- **BRIEF**:
Word for word, repeat everything in the records below except the pictures.
********
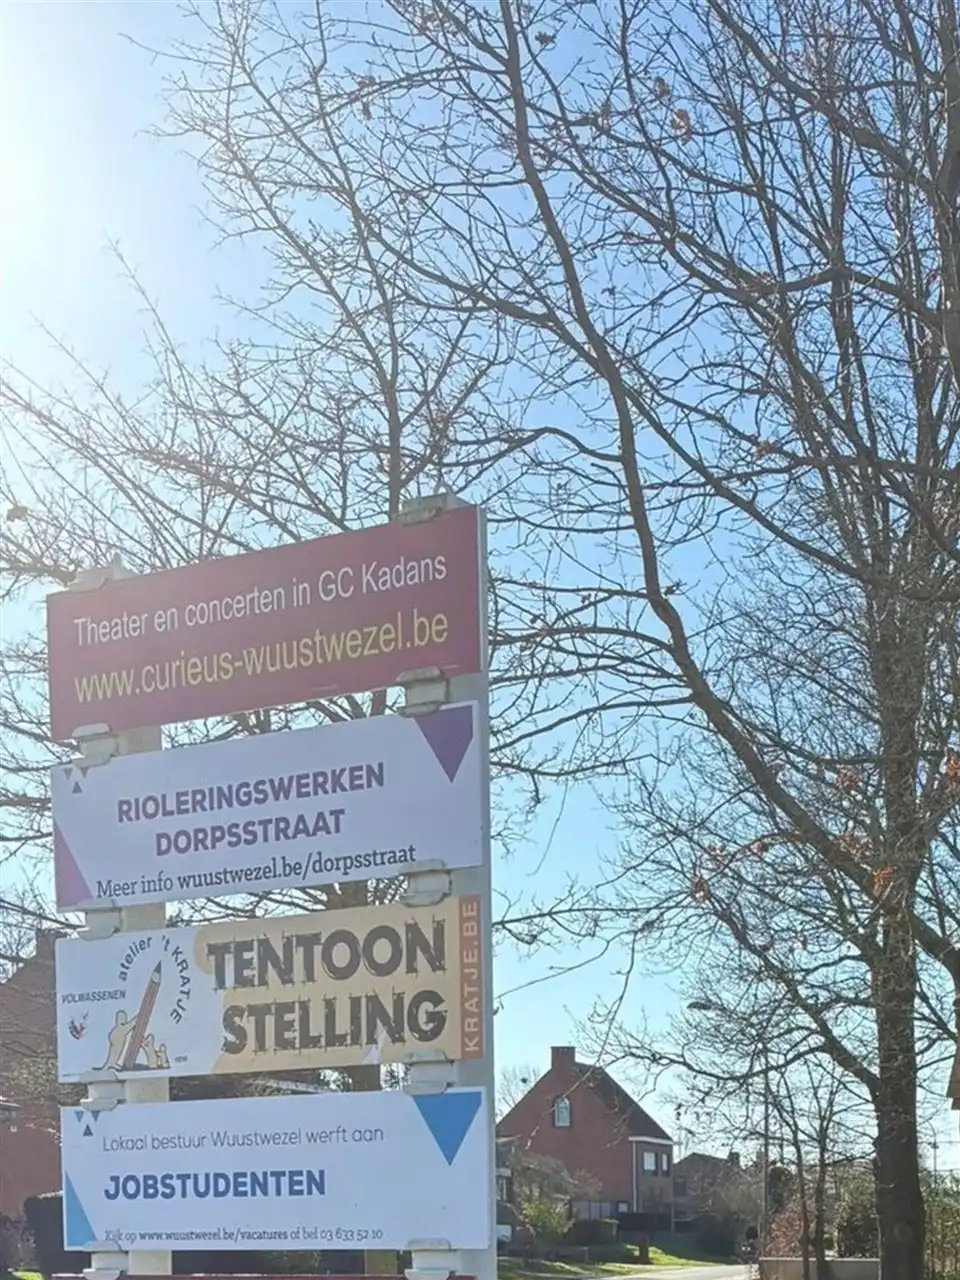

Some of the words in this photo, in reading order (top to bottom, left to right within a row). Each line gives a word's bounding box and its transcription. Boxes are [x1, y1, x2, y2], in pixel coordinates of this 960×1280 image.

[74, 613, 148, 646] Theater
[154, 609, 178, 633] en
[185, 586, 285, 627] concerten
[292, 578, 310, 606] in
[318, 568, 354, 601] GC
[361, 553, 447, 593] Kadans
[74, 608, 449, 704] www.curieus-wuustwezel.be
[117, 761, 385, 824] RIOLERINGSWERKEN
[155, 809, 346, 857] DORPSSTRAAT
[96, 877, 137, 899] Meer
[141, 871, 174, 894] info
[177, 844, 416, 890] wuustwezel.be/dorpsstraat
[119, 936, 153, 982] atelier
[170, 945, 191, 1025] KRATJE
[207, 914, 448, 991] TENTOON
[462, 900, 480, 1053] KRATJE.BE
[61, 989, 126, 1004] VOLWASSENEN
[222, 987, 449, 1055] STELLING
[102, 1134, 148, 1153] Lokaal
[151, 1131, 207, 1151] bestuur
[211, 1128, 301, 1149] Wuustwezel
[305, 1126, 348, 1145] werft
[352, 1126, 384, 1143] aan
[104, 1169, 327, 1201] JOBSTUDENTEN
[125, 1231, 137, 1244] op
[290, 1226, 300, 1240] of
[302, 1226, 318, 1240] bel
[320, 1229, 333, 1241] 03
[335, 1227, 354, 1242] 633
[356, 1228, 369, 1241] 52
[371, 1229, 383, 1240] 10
********
- **ANSWER SECTION**:
Some of the words in this photo, in reading order (top to bottom, left to right within a row). Each line gives a word's bounding box and its transcription. Boxes are [x1, y1, x2, y2], in pixel coordinates of this 960×1280 image.

[74, 613, 148, 646] Theater
[154, 609, 178, 633] en
[185, 586, 285, 627] concerten
[292, 578, 310, 606] in
[318, 568, 354, 601] GC
[361, 553, 447, 593] Kadans
[74, 608, 449, 704] www.curieus-wuustwezel.be
[117, 761, 385, 824] RIOLERINGSWERKEN
[155, 809, 346, 857] DORPSSTRAAT
[96, 877, 137, 899] Meer
[141, 871, 174, 894] info
[177, 844, 416, 890] wuustwezel.be/dorpsstraat
[119, 936, 153, 982] atelier
[170, 945, 191, 1025] KRATJE
[207, 914, 448, 991] TENTOON
[462, 900, 480, 1053] KRATJE.BE
[61, 989, 126, 1004] VOLWASSENEN
[222, 987, 449, 1055] STELLING
[102, 1134, 148, 1153] Lokaal
[151, 1131, 207, 1151] bestuur
[211, 1128, 301, 1149] Wuustwezel
[305, 1126, 348, 1145] werft
[352, 1126, 384, 1143] aan
[104, 1169, 327, 1201] JOBSTUDENTEN
[125, 1231, 137, 1244] op
[290, 1226, 300, 1240] of
[302, 1226, 318, 1240] bel
[320, 1229, 333, 1241] 03
[335, 1227, 354, 1242] 633
[356, 1228, 369, 1241] 52
[371, 1229, 383, 1240] 10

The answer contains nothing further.